The term "acceptor protein" is the protein, whose 3D-structure is used to fit the identified epitope patterns and/or to fit the antibody binding sequences. Hence, the acceptor protein may e.g. be the parent protein or a part of it. "Monospecific polyclonal antibodies" are polyclonal antibodies that are specifically binding to a certain epitope, and hence are monospecific. The polyclonal nature of these antibodies is explained by the fact that a number of antibody-producing B-cell clones may produce antibodies to similar epitopes (but with the same epitope pattern as the epitope of interest), that bind to the epitope of interest, though with lower affinity. The term "immunogenic response" including allergic response, used in connection with the present invention, is the response of an organism to a compound, which involves IgE mediated responses (Type I reaction according to Coombs & Gell). It is to be understood that sensibilization (i.e. development of compound-specific IgE antibodies) upon exposure to the compound is included in the definition of "immunogenic response". An "epitope area" is defined as the amino acids situated close to the epitope sequence amino acids. Particularly, the amino acids of an epitope area are located <5A from the epitope sequence. Hence, an epitope area also includes the corresponding epitope sequence itself. Modifications of amino acids of the 'epitope area' can possibly affect the immunogenic function of the corresponding epitope.

"Environmental allergens" are protein allergens that are present naturally. They include pollen, dust mite allergens, pet allergens, food allergens, venoms, etc.

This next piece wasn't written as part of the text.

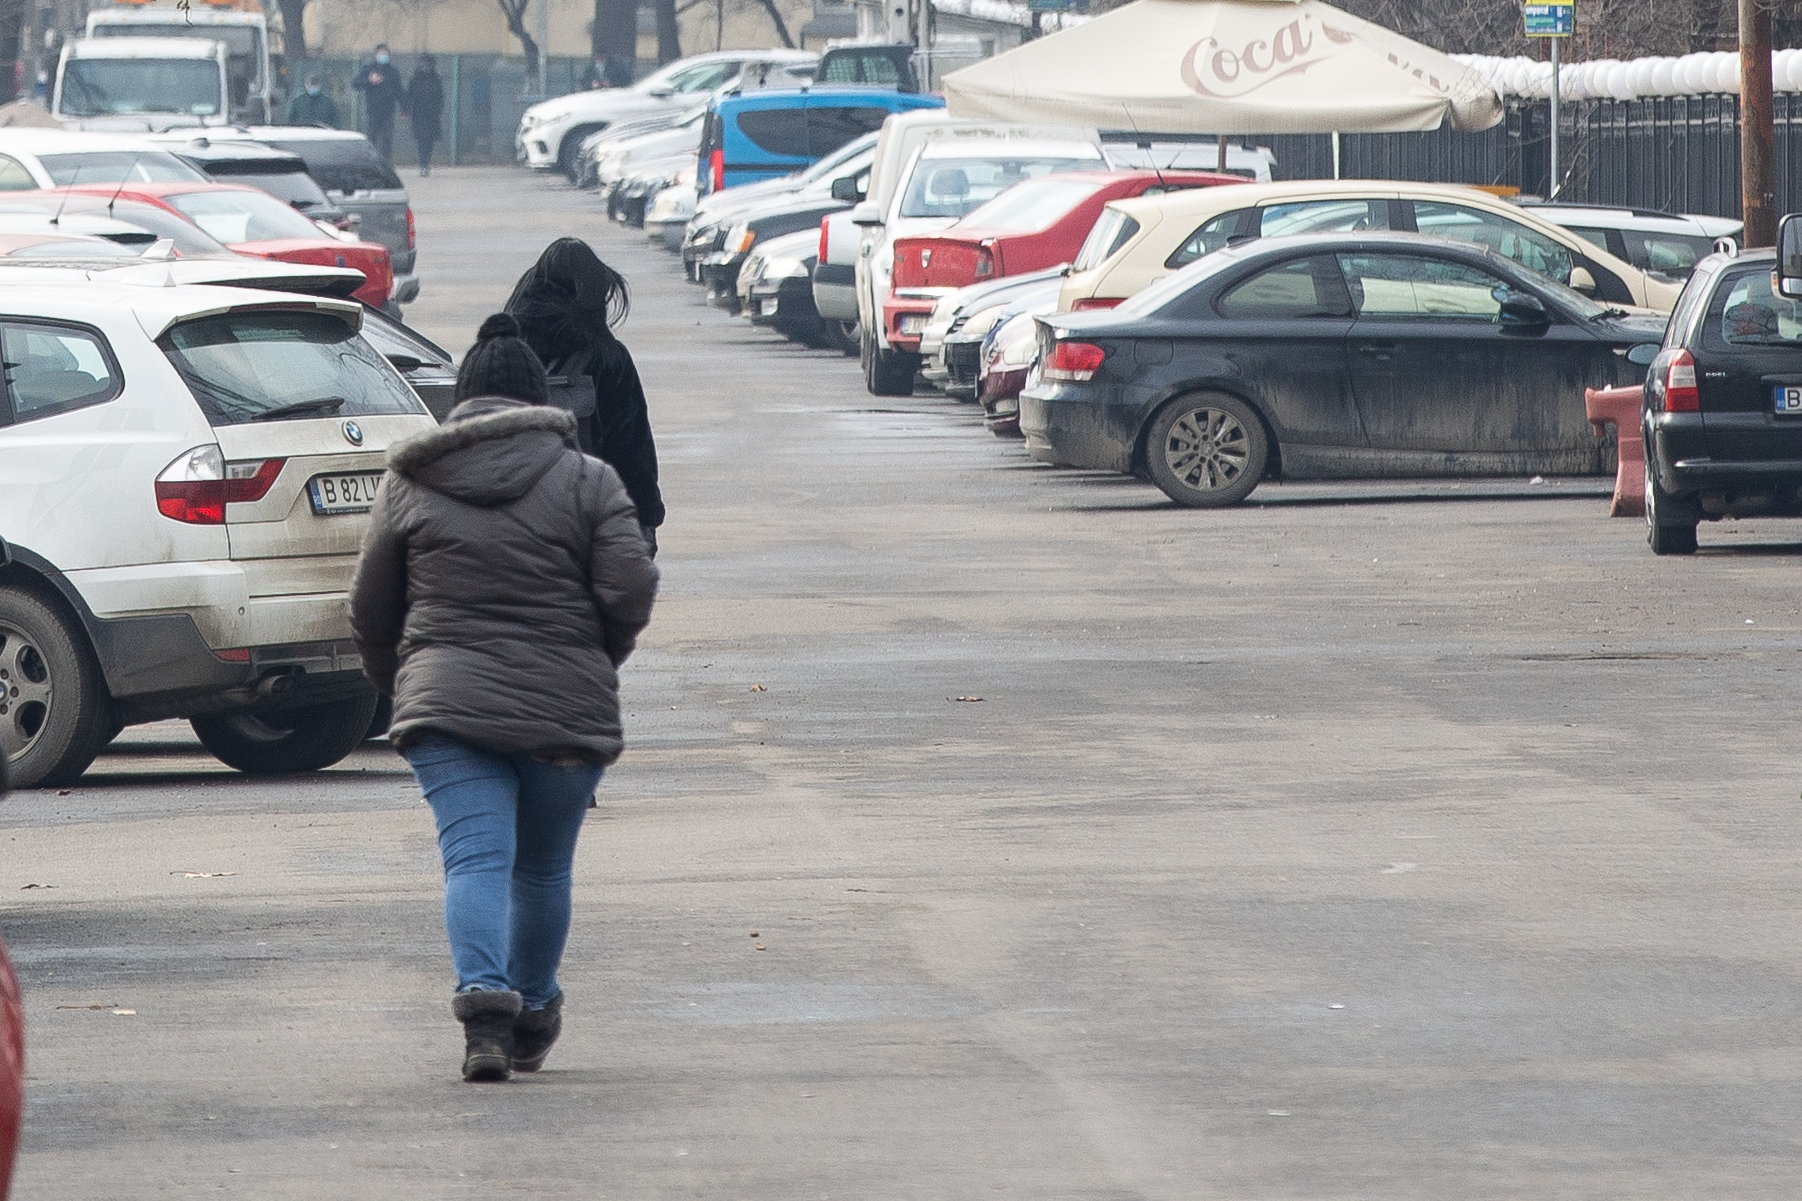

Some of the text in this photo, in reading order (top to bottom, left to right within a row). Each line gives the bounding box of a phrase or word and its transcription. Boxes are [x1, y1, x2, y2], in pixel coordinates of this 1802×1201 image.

"Commercial allergens" are protein allergens that are being brought to the market commercially. They include enzymes, pharmaceutical proteins, antimicrobial peptides, as well as allergens of transgenic plants.

By the term "specific polyclonal antibodies" is meant polyclonal antibodies isolated according to their specificity for a certain antigen, e.g. the protein backbone.

DETAILED DESCRIPTION OF THE INVENTION

Identification of antibody binding peptides and epitope pattern

A first step required to carry out the present invention is to identify peptide sequences, which bind specifically to antibodies.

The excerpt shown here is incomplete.